Starting a company has never been easier due to cloud infrastructure and AI tools, but scaling into a durable organization has never been harder because of vastly increased competition and distribution challenges. The most critical skill CEOs must learn is giving honest feedback to executives and layering management roles—something deeply unnatural for young founders but essential to scaling.

Brian Halligan
“Starting a company has never been easier. Scaling one into a durable, high impact organization has never been harder.”
Brian introduces the central thesis of his coaching philosophy at Sequoia
▶ 0:08
Brian Halligan
“I look for four things. [laughter] I call it my lock algorithm. L is for lovable.
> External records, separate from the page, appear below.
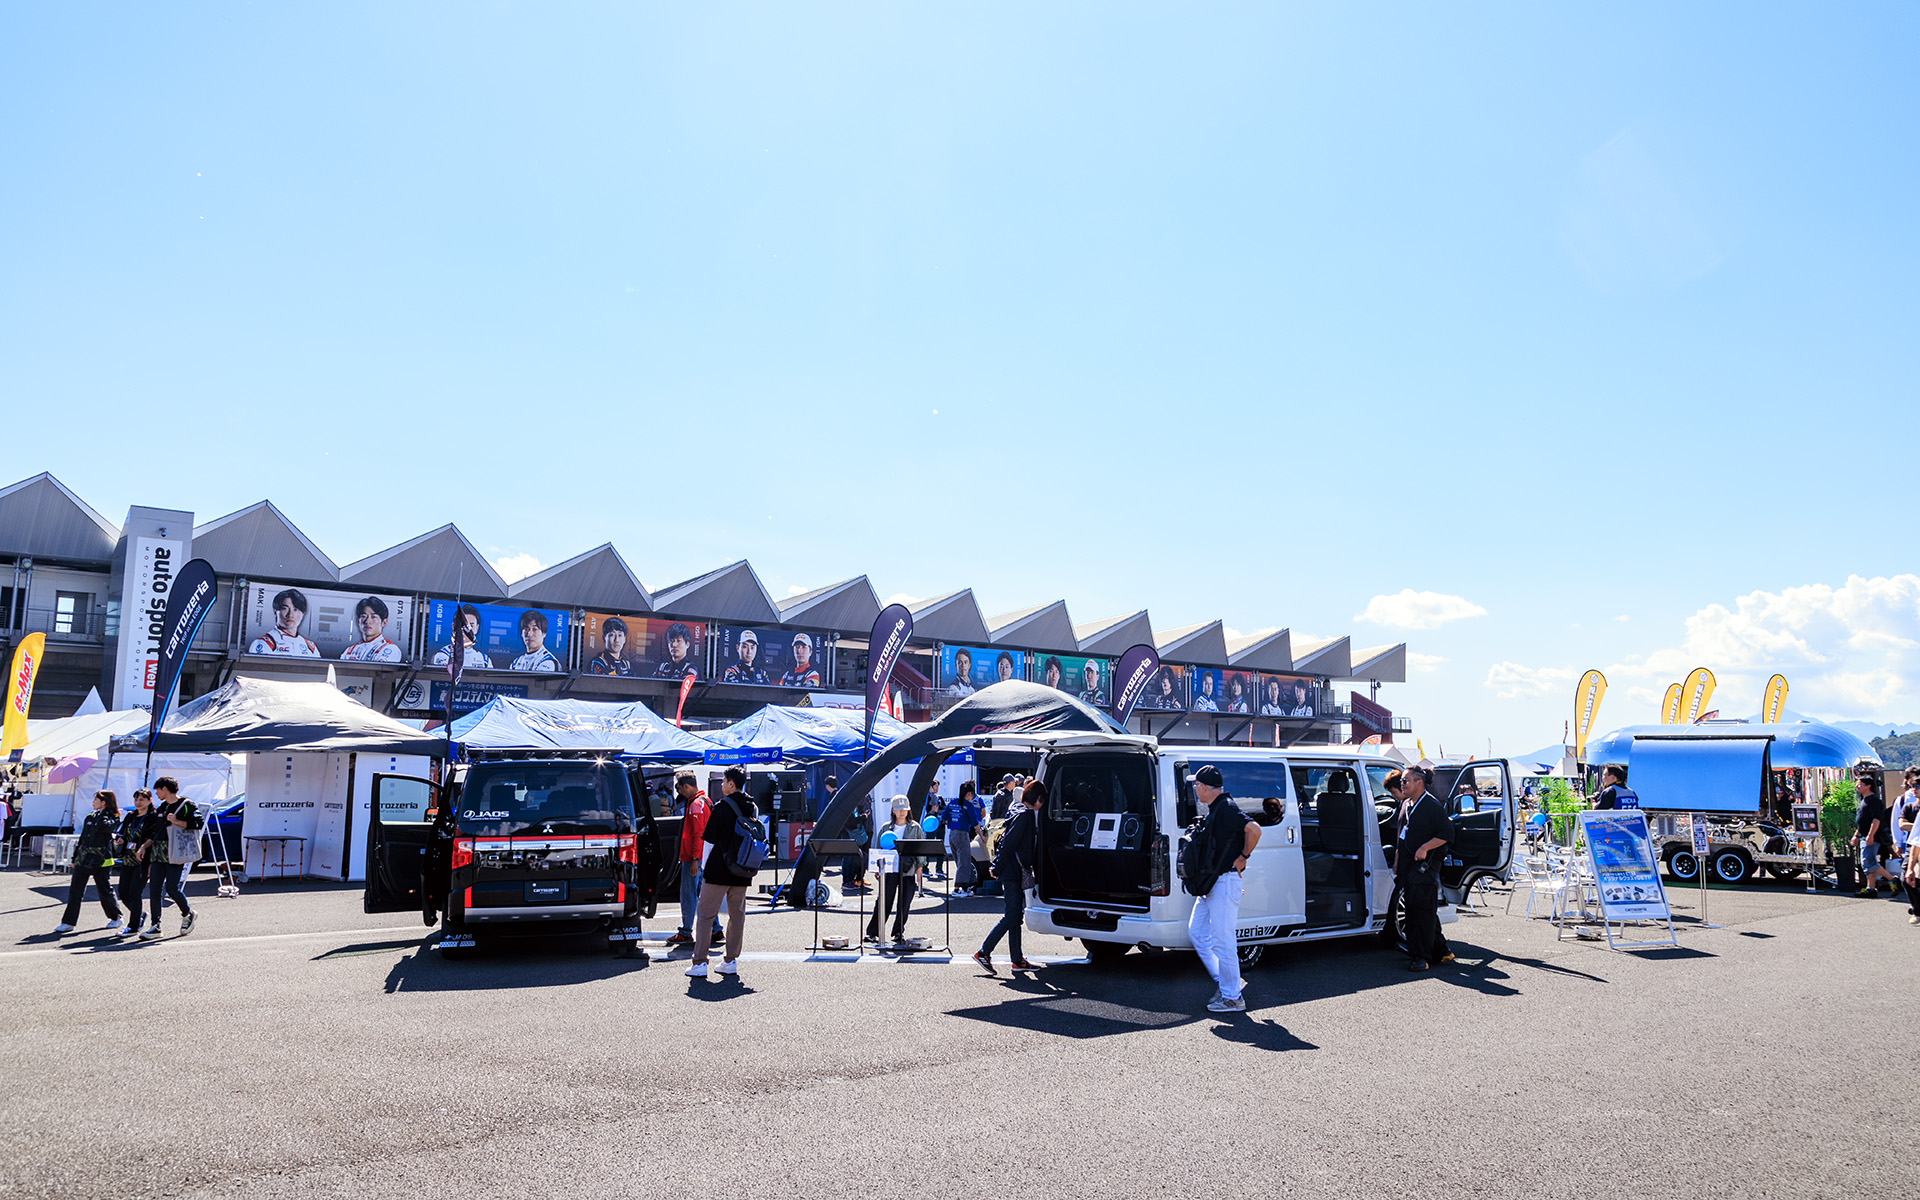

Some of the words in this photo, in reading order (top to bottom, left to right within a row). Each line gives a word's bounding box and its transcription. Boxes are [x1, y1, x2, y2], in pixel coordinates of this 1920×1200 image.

[138, 546, 150, 630] MOTORSPORT
[152, 547, 172, 594] auto
[145, 597, 167, 655] sport
[165, 579, 210, 660] carrozzeria
[180, 630, 189, 646] TRIP
[193, 604, 203, 620] EDGE
[132, 640, 142, 689] PORTAL
[872, 618, 906, 683] carrozzeria
[14, 652, 33, 713] B-Max
[146, 662, 158, 687] Web
[435, 682, 495, 691] モーターポーツを応援する
[1117, 657, 1152, 712] carrozzeria
[708, 753, 716, 761] 7
[258, 801, 315, 809] carrozzeria
[475, 810, 510, 818] JAOS
[1235, 924, 1264, 939] zzeria
And you know, Steve Jobs, you would say, is kind of rough and maybe not lovable, but he would inspire followership.”
Brian explains his framework for evaluating founder potential when assessing investment opportunities
▶ 17:10
Brian Halligan
“If I had to guess, Lenny, within 18 months after you hire a seale exec, at least 50% of the time they're gone. There's this there's [laughter] high mortality rate on them. It's it's harder than people think.”
Brian discusses the surprising failure rate of executive hires when companies scale
▶ 9:58
Brian Halligan
“All of the CEOs are building their teams and so many are like, I have a co-founder that runs product and engineering, but I need that co-founder to kind of step aside and be the CTO and the thinker and the labs person, and I need to hire somebody who can actually run the engineering machine.”
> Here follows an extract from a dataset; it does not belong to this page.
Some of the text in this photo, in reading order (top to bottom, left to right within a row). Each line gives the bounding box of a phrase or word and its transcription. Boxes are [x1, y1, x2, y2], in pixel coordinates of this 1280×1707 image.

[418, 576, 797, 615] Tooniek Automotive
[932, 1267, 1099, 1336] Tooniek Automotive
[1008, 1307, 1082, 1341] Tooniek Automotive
Brian identifies the most common painful transition young CEOs must navigate as companies scale
▶ 24:03
Brian Halligan
“ye old enterprise sales where there's actual trust built up between two carbon based life forms I think will be very very very late to go in the white collar world.”
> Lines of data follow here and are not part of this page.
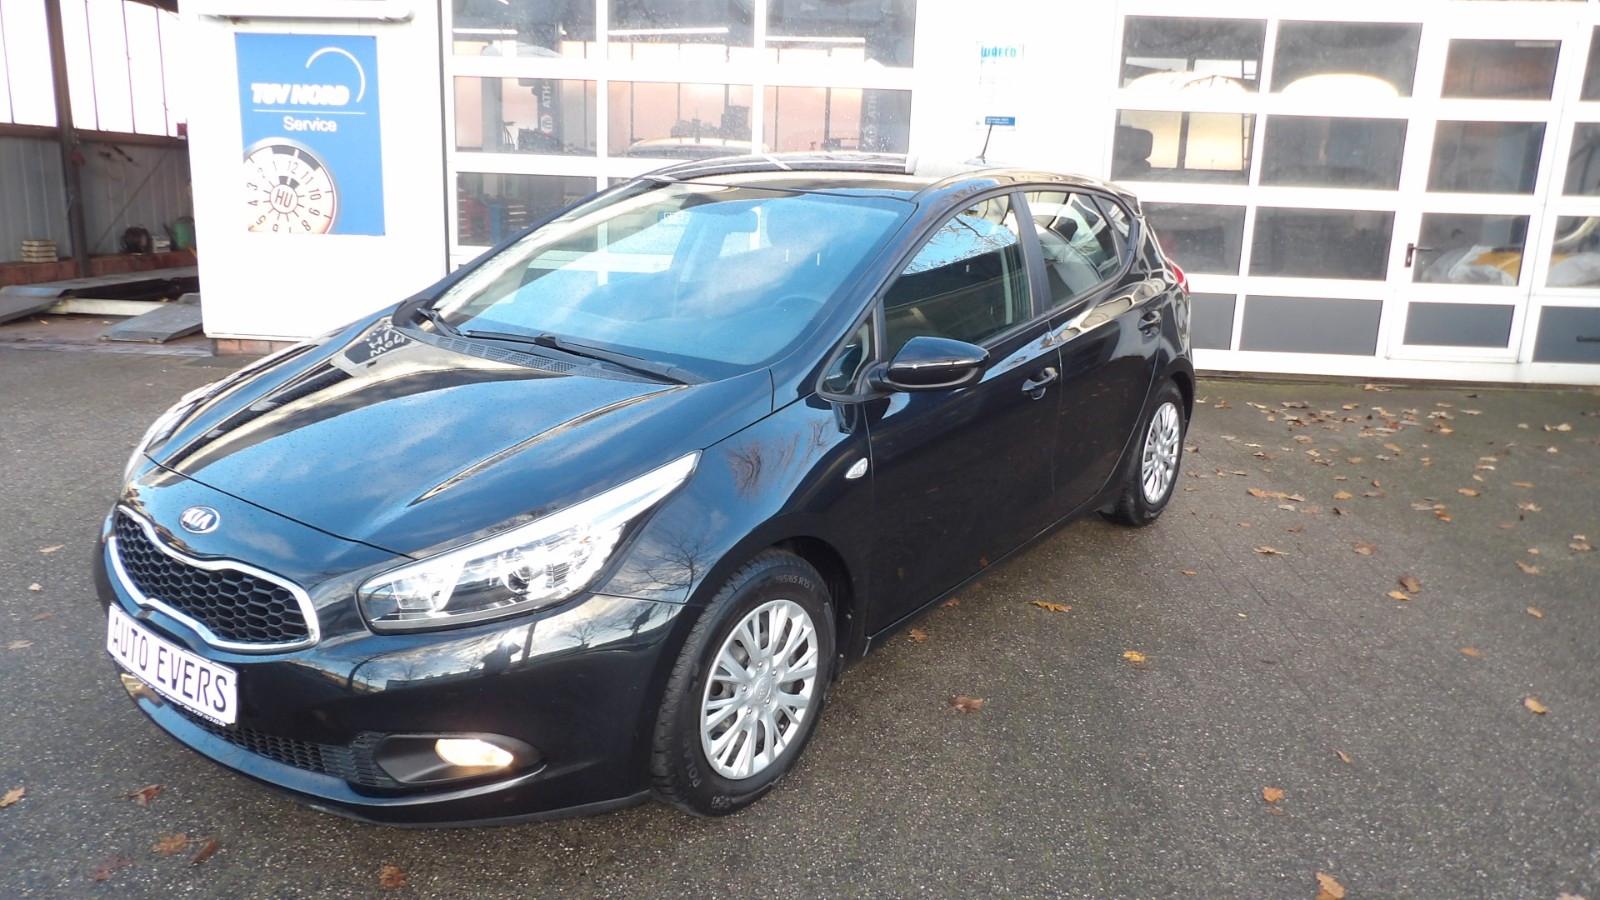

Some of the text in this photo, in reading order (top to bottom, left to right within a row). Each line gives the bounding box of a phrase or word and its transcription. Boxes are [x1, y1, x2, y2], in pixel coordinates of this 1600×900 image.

[290, 83, 350, 105] NORD
[283, 115, 337, 132] Service
[287, 160, 299, 175] 12
[300, 171, 315, 185] 11
[275, 189, 293, 208] HU
[308, 188, 322, 201] 10
[301, 219, 312, 232] 8
[113, 616, 228, 713] AUTO EVERS
Brian predicts which jobs will be slowest to be replaced by AI in enterprise settings
▶ 28:29
Brian Halligan is the co-founder and former CEO of HubSpot, where he led the company for roughly 20 years before stepping down. He now serves as the in-house CEO coach at Sequoia Capital, where he works with dozens of top CEOs, conducts one-on-one coaching, and hosts the popular podcast Long Strange Trip. He's also a part owner of the Boston Red Sox.
1
Build teams like the 2004 Red Sox, not all-stars Avoid hiring exclusively from big tech companies—HubSpot saw 100% attrition on Google, Microsoft, and Salesforce hires. Instead, blend homegrown talent promoted from within with a few proven external leaders who understand startup constraints. This mix builds better culture fit and retention than chasing brand-name resumes.
2
CEO skill gaps are learnable but hard Young founders struggle most with giving honest feedback and layering management roles—skills that feel unnatural but are essential for scaling. Peer groups where CEOs discuss these challenges openly in a safe space is far more effective than individual coaching, because peers validate the difficulty and share real solutions.
3
Enterprise go-to-market will transform via AI avatars Sales reps won't be replaced, but the sales process will shift dramatically. Buyers will start in LLMs to research competitors and features, landing on your site to chat with an all-knowing product avatar before a sales rep engages. Your website and sales messaging must adapt now to work alongside AI agents that know everything about your product, pricing, and competition.